▶ [Directions]: Write the listing out again, exactly as it reads below.

▶ [Supplied data]:
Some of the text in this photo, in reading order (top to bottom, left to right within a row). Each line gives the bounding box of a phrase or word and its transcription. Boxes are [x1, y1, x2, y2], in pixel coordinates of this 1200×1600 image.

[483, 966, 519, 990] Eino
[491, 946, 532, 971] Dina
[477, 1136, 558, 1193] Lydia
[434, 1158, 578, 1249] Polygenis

▶ [Response]:
Some of the text in this photo, in reading order (top to bottom, left to right within a row). Each line gives the bounding box of a phrase or word and its transcription. Boxes are [x1, y1, x2, y2], in pixel coordinates of this 1200×1600 image.

[483, 966, 519, 990] Eino
[491, 946, 532, 971] Dina
[477, 1136, 558, 1193] Lydia
[434, 1158, 578, 1249] Polygenis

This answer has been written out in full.